State Roundup: Concerns raised about school reopening as parents, educators question its feasibility, motivation

State Roundup: Concerns raised about school reopening as parents, educators question its feasibility, motivation

Gov. Larry Hogan and wife Yumi was joined by Howard County Executive Calvin Ball in announcing increased police protection for Asian Americans Monday. They spoke at the Honey Pig Korean barbecue restaurant in Ellicott City after touring mostly Korean businesses there. Governor's Office Photo

DID MARYLAND SCHOOLS OPEN TOO EARLY?: Since the beginning of the phased reopening of Maryland’s public schools on March 1 at the urging of Gov. Larry Hogan, parents, educators and administrators have raised concerns about the feasibility of the process and what the motivation behind that decision might have been, reports Bryan Renbaum for Maryland Reporter.

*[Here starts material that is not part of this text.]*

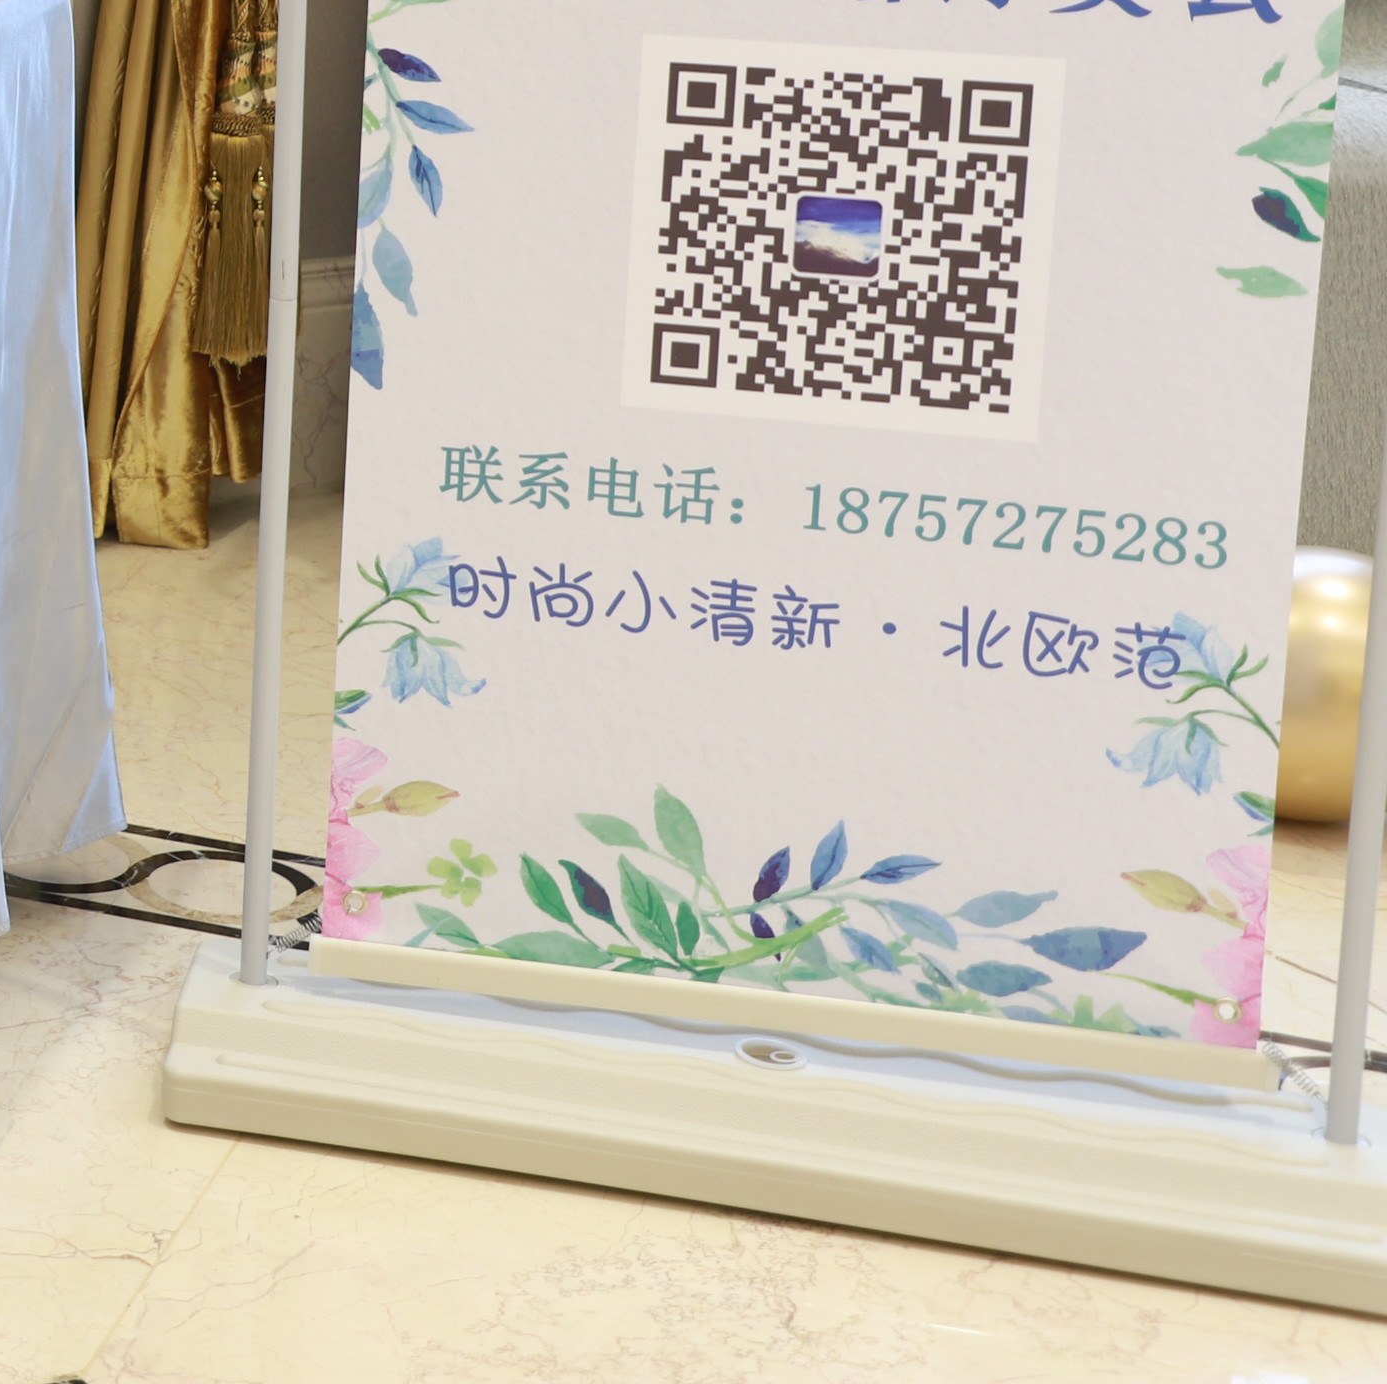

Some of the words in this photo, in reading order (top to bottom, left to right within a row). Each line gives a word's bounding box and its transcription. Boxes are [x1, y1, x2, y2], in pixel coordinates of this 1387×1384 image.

[438, 444, 746, 527] 联系电话：
[802, 482, 1230, 570] 18757275283
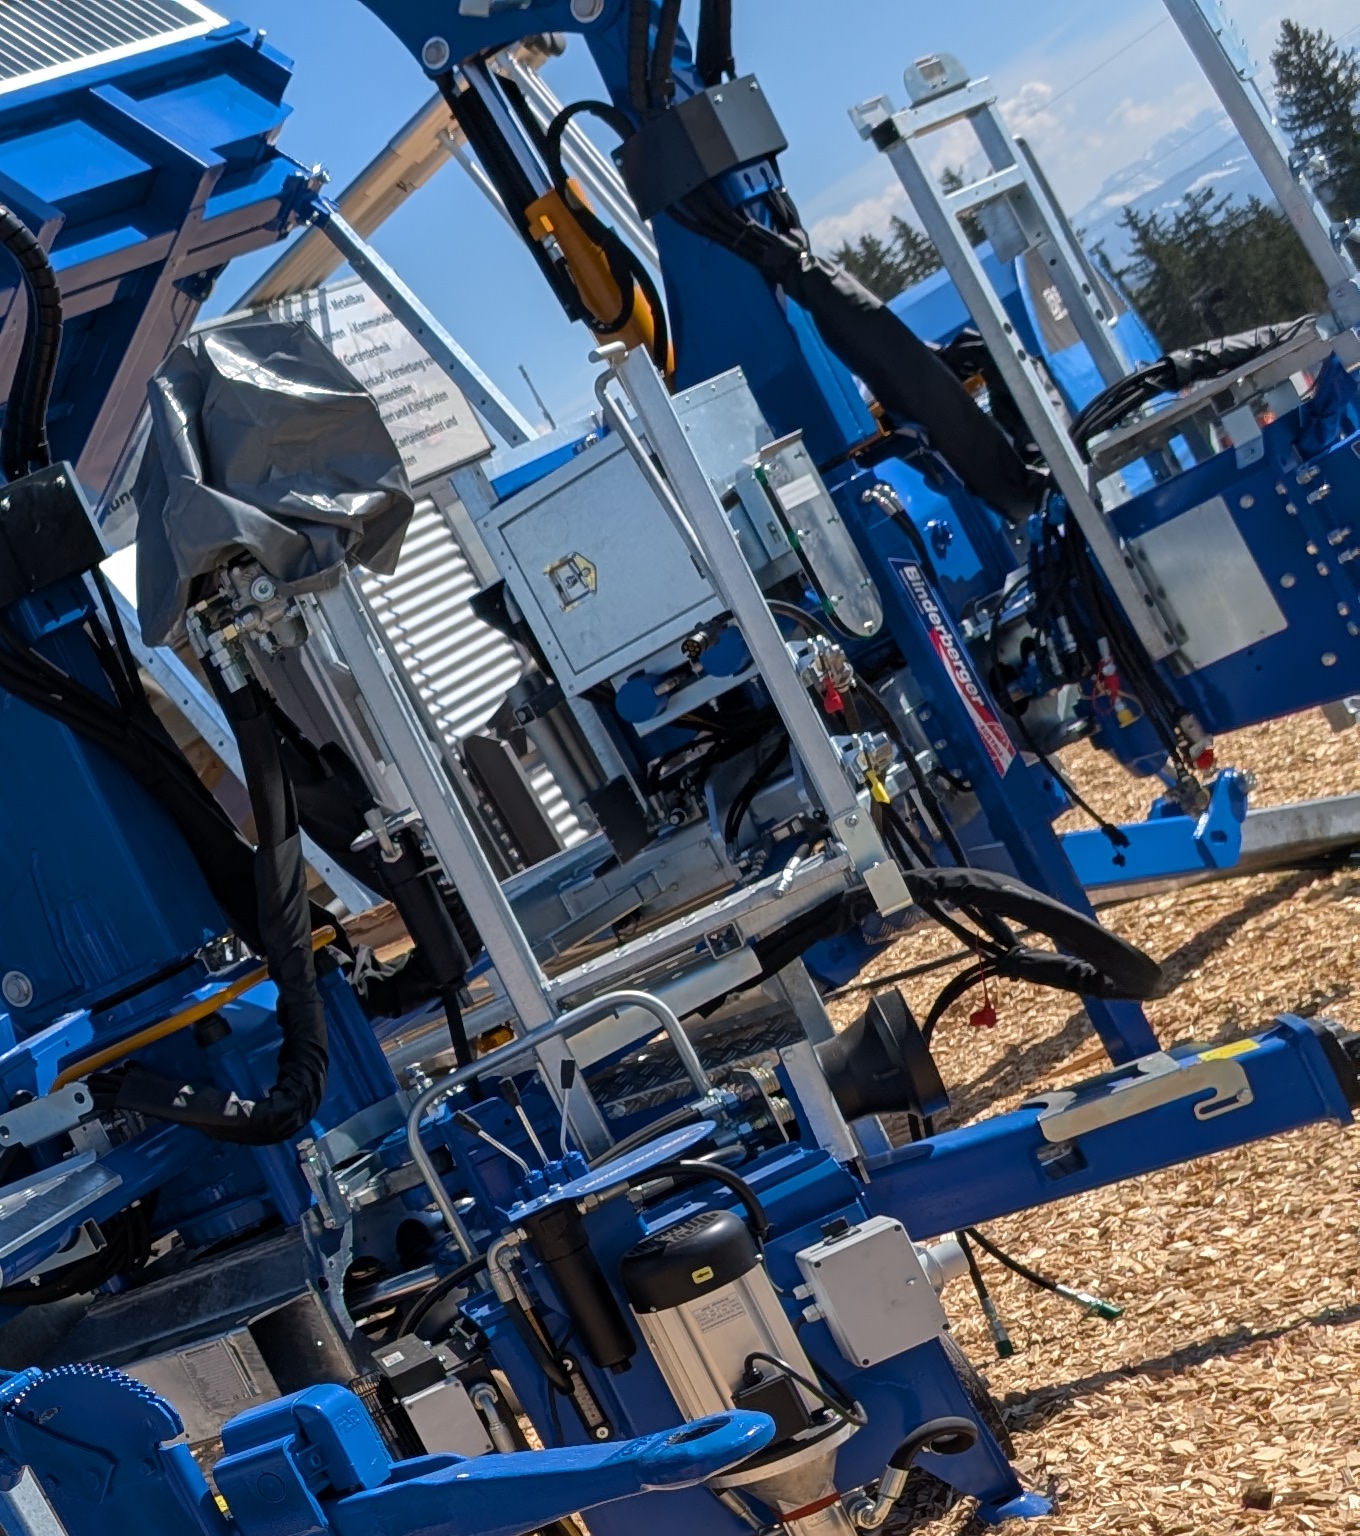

GOAL IS 100,000 COVID JABS PER DAY: Maryland health officials have set a goal of administering as many as 100,000 shots per day as COVID-19 vaccine production scales up and more people become eligible, Hallie miller reports in the Sun. Acting health secretary Dennis R. Schrader said the Maryland Department of Health has been driving steadily toward that bench mark, reaching as many as 57,550 vaccinations in a single day last week.

OLDEST MARYLANDERS FALL BEHIND IN VAXX: The oldest Maryland residents are falling behind other age groups as the state begins to open up a new phase of coronavirus eligibility, Bryan Sears reports for he Daily Record. State data shows that less than 40% of residents 70-80 years old have been vaccinated and about 45% of those over 80 have received doses, Lam said, lower figures than some slightly younger groups.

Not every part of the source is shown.